» **Task input**

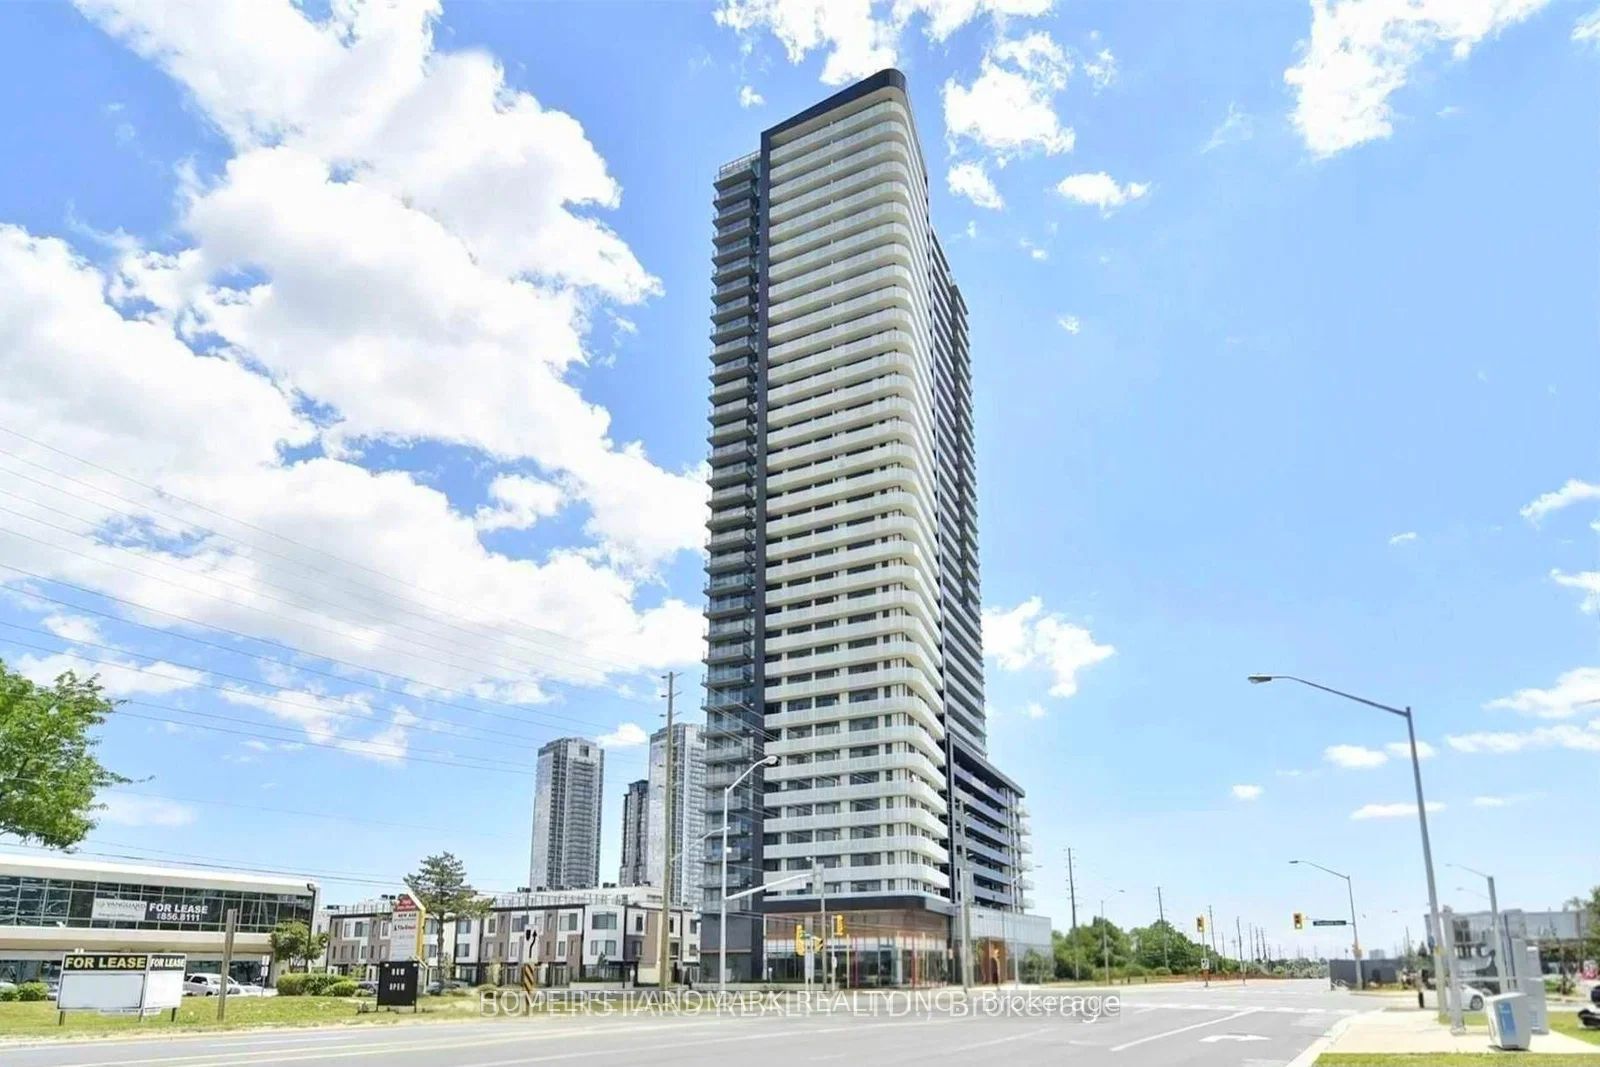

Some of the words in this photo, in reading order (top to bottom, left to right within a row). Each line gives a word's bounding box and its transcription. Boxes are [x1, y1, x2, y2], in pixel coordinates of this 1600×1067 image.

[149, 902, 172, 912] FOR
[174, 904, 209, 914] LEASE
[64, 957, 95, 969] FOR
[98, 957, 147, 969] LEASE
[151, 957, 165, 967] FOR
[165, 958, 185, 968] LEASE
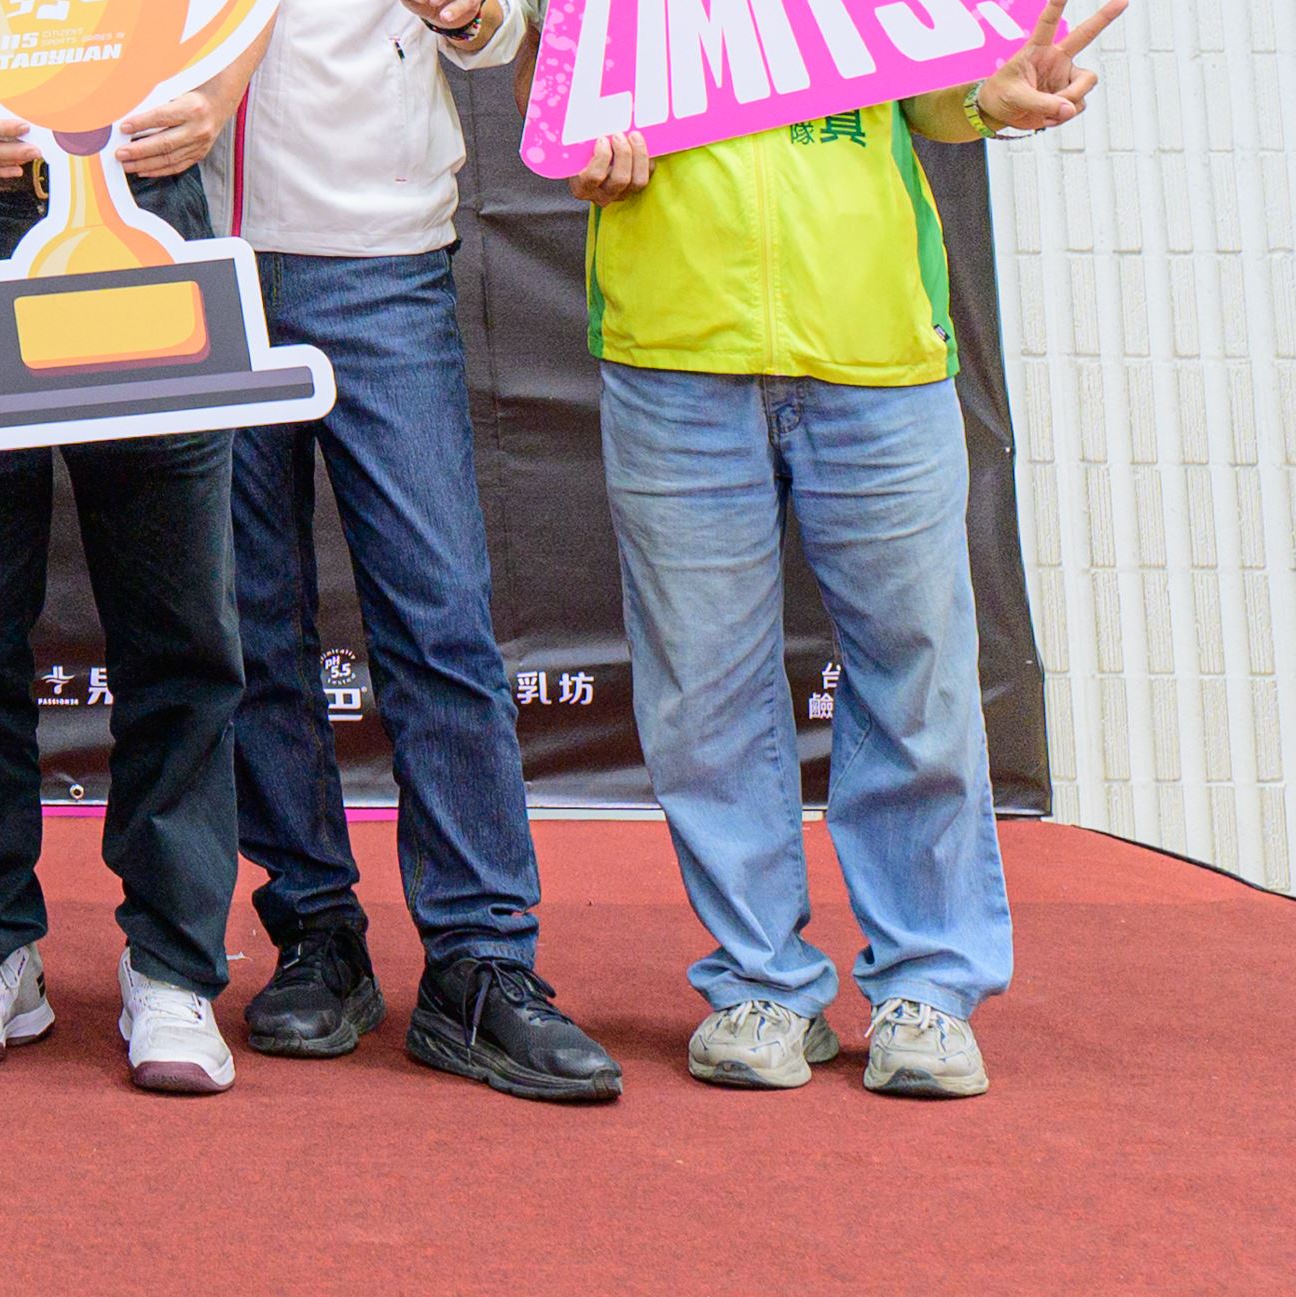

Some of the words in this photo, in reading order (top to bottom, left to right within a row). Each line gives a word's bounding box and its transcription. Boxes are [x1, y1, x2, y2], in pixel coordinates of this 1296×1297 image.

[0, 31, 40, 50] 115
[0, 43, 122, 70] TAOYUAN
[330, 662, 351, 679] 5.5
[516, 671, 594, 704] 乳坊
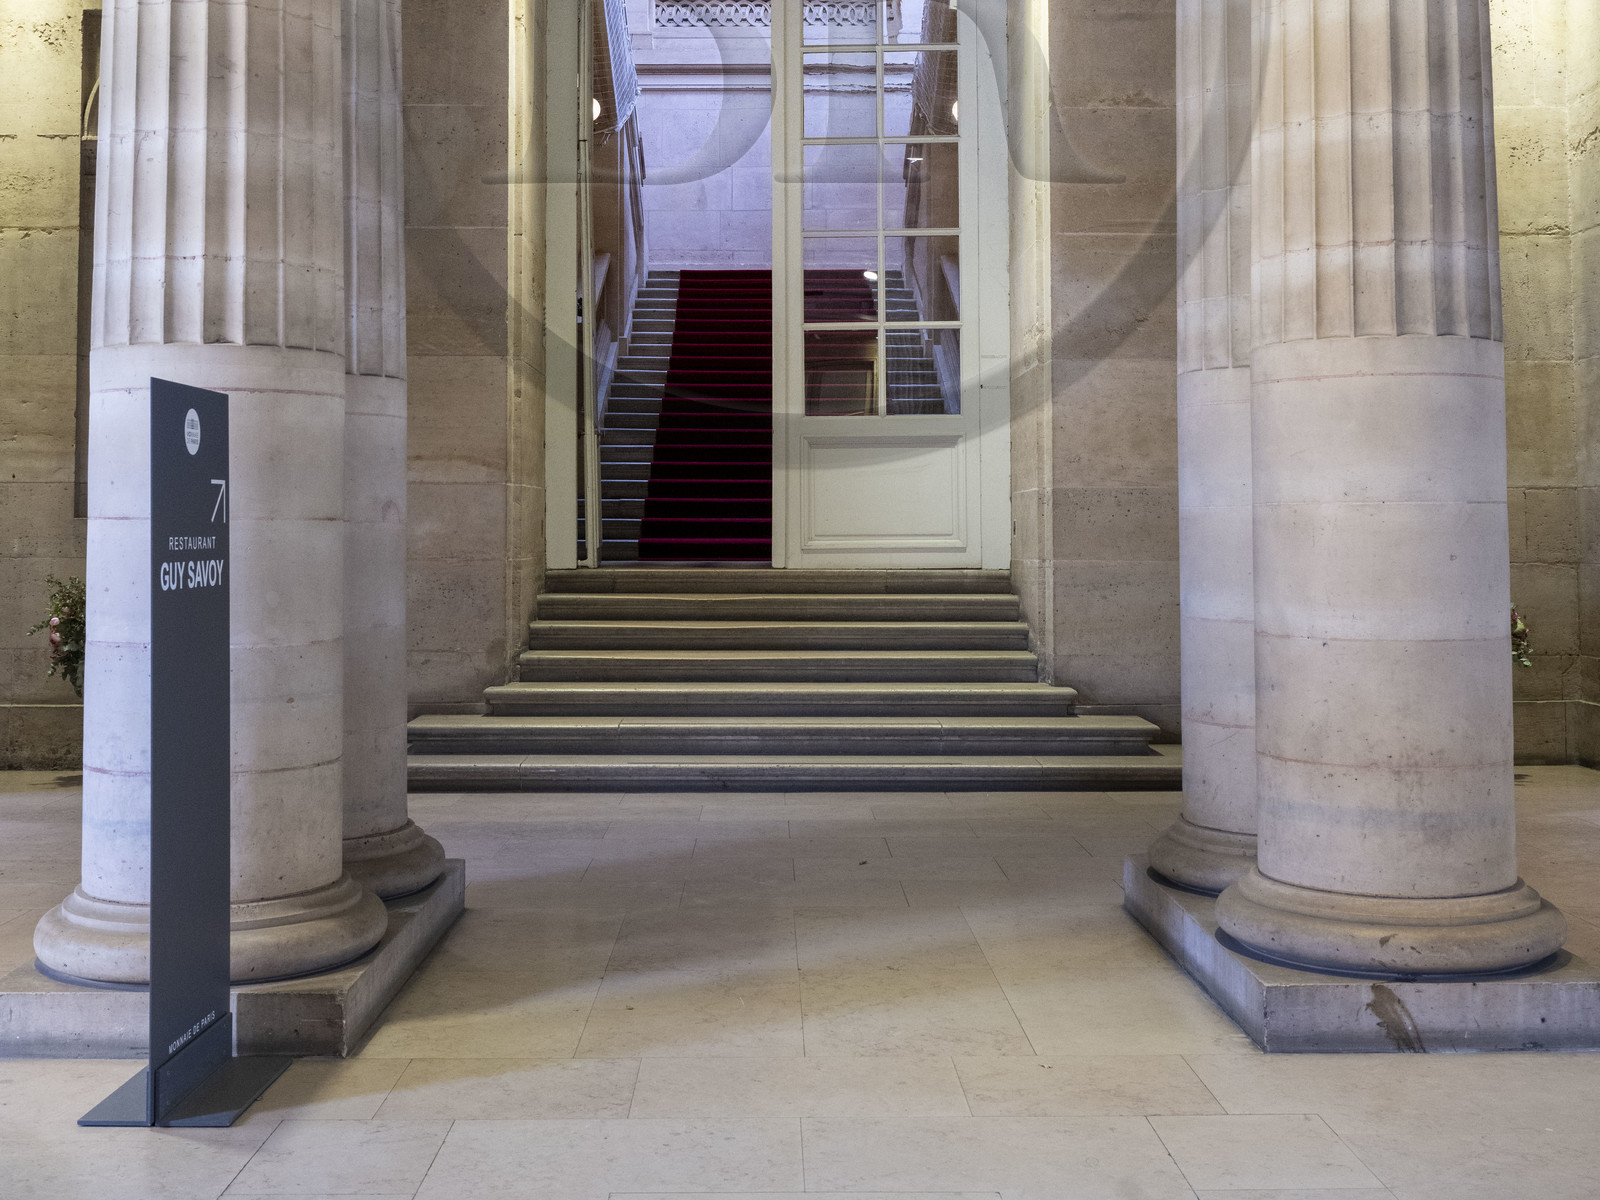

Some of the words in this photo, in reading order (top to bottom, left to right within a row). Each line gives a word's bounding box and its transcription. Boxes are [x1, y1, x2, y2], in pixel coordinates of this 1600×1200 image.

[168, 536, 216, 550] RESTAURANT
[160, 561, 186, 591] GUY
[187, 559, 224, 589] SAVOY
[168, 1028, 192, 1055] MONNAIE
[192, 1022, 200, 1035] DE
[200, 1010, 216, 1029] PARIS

» **Exercise prompt**
Each record above should be retyped exactly, with no pictures carried over.

» **Result**
Some of the words in this photo, in reading order (top to bottom, left to right within a row). Each line gives a word's bounding box and its transcription. Boxes are [x1, y1, x2, y2], in pixel coordinates of this 1600×1067 image.

[149, 902, 172, 912] FOR
[174, 904, 209, 914] LEASE
[64, 957, 95, 969] FOR
[98, 957, 147, 969] LEASE
[151, 957, 165, 967] FOR
[165, 958, 185, 968] LEASE

Some of the words in this photo, in reading order (top to bottom, left to right within a row). Each line gives a word's bounding box and its transcription. Boxes are [x1, y1, x2, y2], in pixel coordinates of this 1296×1297 image.

[0, 31, 40, 50] 115
[0, 43, 122, 70] TAOYUAN
[330, 662, 351, 679] 5.5
[516, 671, 594, 704] 乳坊

Some of the words in this photo, in reading order (top to bottom, left to right within a row). Each line gives a word's bounding box and its transcription. Boxes are [x1, y1, x2, y2], in pixel coordinates of this 1600×1200 image.

[168, 536, 216, 550] RESTAURANT
[160, 561, 186, 591] GUY
[187, 559, 224, 589] SAVOY
[168, 1028, 192, 1055] MONNAIE
[192, 1022, 200, 1035] DE
[200, 1010, 216, 1029] PARIS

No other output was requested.